Rinviamo ai molti interventi che richiamano l’impianto generale di queste Nuove indicazioni, al contributo apparso in questa rivista il 19 marzo a firma di Alessandro Vanoli, e anche ad altri apparsi su siti che stanno raccogliendo il largo dibattito di queste settimane (come esempio: GISCEL e Insegnareonline). In questo quadro generale si inseriscono le nostre osservazioni nelle quali ragioneremo solo su parti del testo delle Nuove Indicazioni, come quella relativa alla disciplina ‘Italiano’, uno degli assi portanti del primo ciclo dell’istruzione.

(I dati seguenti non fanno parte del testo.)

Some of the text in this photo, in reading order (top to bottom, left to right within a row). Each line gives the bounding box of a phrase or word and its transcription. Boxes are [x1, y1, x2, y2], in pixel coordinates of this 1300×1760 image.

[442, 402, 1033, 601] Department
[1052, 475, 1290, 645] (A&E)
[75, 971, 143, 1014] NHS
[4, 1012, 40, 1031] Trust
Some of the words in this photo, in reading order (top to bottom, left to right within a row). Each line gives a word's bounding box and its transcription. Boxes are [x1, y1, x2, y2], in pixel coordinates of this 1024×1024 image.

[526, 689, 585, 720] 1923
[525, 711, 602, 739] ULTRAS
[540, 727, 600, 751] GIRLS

Ancora prima di una nostra lettura delle pagine relativa a questa singola area è utile però ricordare il contesto generale, relativamente al ruolo della lingua, in cui tali pagine si inseriscono. Da almeno un paio di decenni sono fortemente attivi canali di diffusione di una serie di macrostereotipi (in parte transnazionali) in base ai quali si saldano supposte “crisi della lingua” e “crisi della nazione”. Per quanto riguarda la prima crisi i suoi agenti vengono individuati in fattori esterni, come il ruolo dell’inglese, e interni, sostanzialmente consistenti in cattivi usi e cattivi utilizzatori. Questa visione ci restituisce una rappresentazione semplicistica, se non fuorviante, secondo cui la scarsa attenzione alle regole e alla prescrittività avrebbe prodotto nel sistema scolastico/educativo del nostro Paese «lassismo e permissività», violazione delle regole per sciatteria, semplificazione in luogo dell’approfondimento.

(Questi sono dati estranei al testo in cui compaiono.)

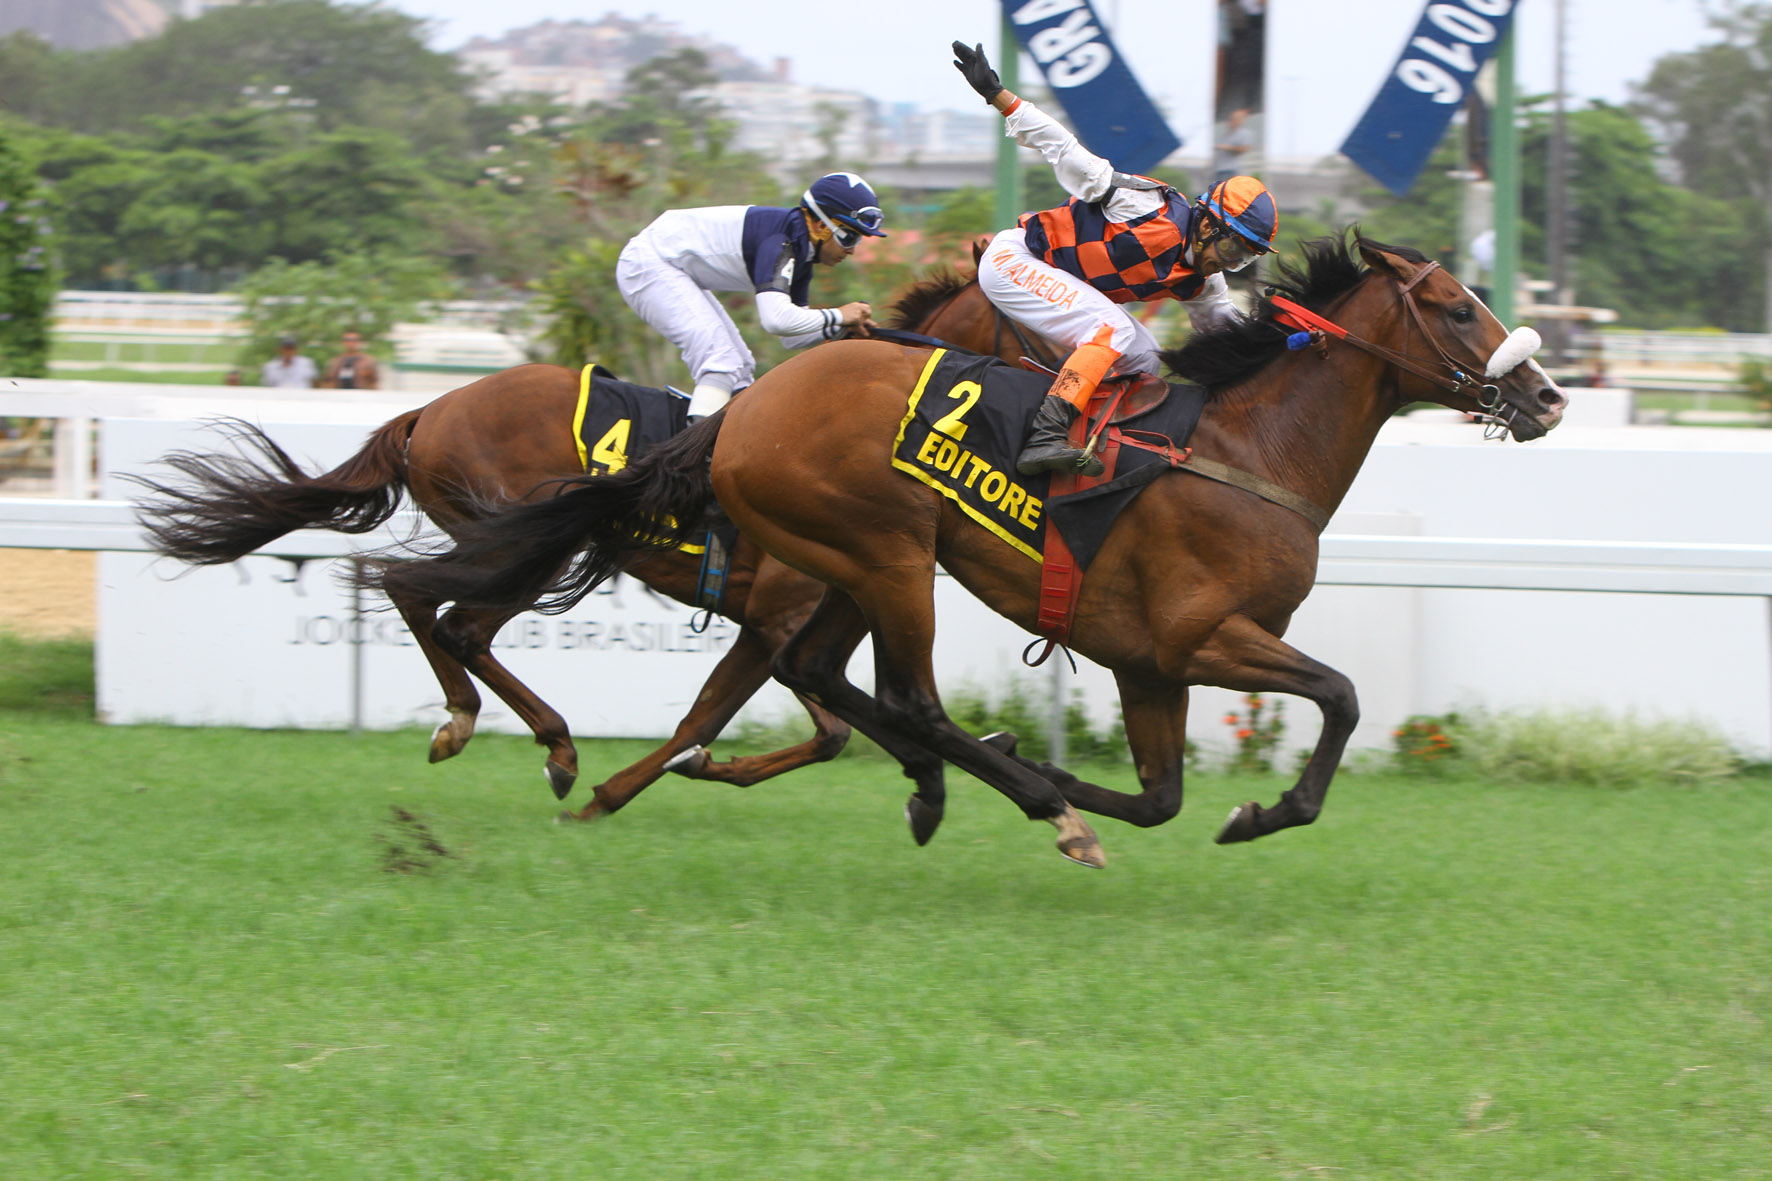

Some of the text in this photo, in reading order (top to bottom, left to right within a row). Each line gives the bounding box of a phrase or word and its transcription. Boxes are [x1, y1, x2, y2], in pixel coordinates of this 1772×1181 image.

[932, 380, 982, 441] 2
[591, 418, 632, 475] 4
[916, 431, 1043, 531] EDITORE
[288, 616, 416, 646] JOCKE
[557, 620, 738, 653] BRASILEIR

Persino la crescita dell’analfabetismo di ritorno risiederebbe nelle riforme degli anni Sessanta e in particolare in quella sempre supposta messa in crisi di una pedagogia linguistica tradizionale fondata su quei topos di cui prima si diceva ‘grammatica’, ‘poesie a memoria’, etc.  e dovuta a un testo che a cinquanta anni di distanza fa ancora evidentemente paura ovvero Le dieci tesi per una educazione linguistica democratica, composto da poche decine di pagine che si devono a Tullio De Mauro e a una associazione di insegnanti, il GISCEL (Gruppo Intervento e Studio nel Campo dell’Educazione Linguistica).

Forse è utile, per chi non c’era, richiamare anche solo per un attimo cosa significasse «fare scuola» in Italia negli anni Sessanta e Settanta e il ruolo «terrificante» (sono parole del grande pedagogista Bruno Ciari) della selezione di classe. La scuola «grande disadattata», sono sempre le sue parole, bocciava in prima elementare il 25 per cento dei bambini e negava, di fatto, l’articolo 3 della Costituzione italiana. Era, quello di Ciari e di tanti altri, uno sguardo rivolto anche ai bambini che in quegli anni arrivavano a Milano e Torino dal Sud dell’Italia e venivano inseriti nelle classi differenziali per il loro «ritardato sviluppo mentale dovuto in parte all’ambiente in cui viv[evano]: parl[avano] solo siciliano» (la citazione è tratta da una delle tante notazioni ricavabili dai registri di maestre e maestri). Le carte della scuola, i registri, i verbali dei consigli di classe, danno oggi maggiore consistenza quantitativa a queste storie di razzismo sistemico già raccontate nel 1973 in Parlare, Leggere, Scrivere, straordinari documentari di Tullio De Mauro, Umberto Eco e Piero Nelli.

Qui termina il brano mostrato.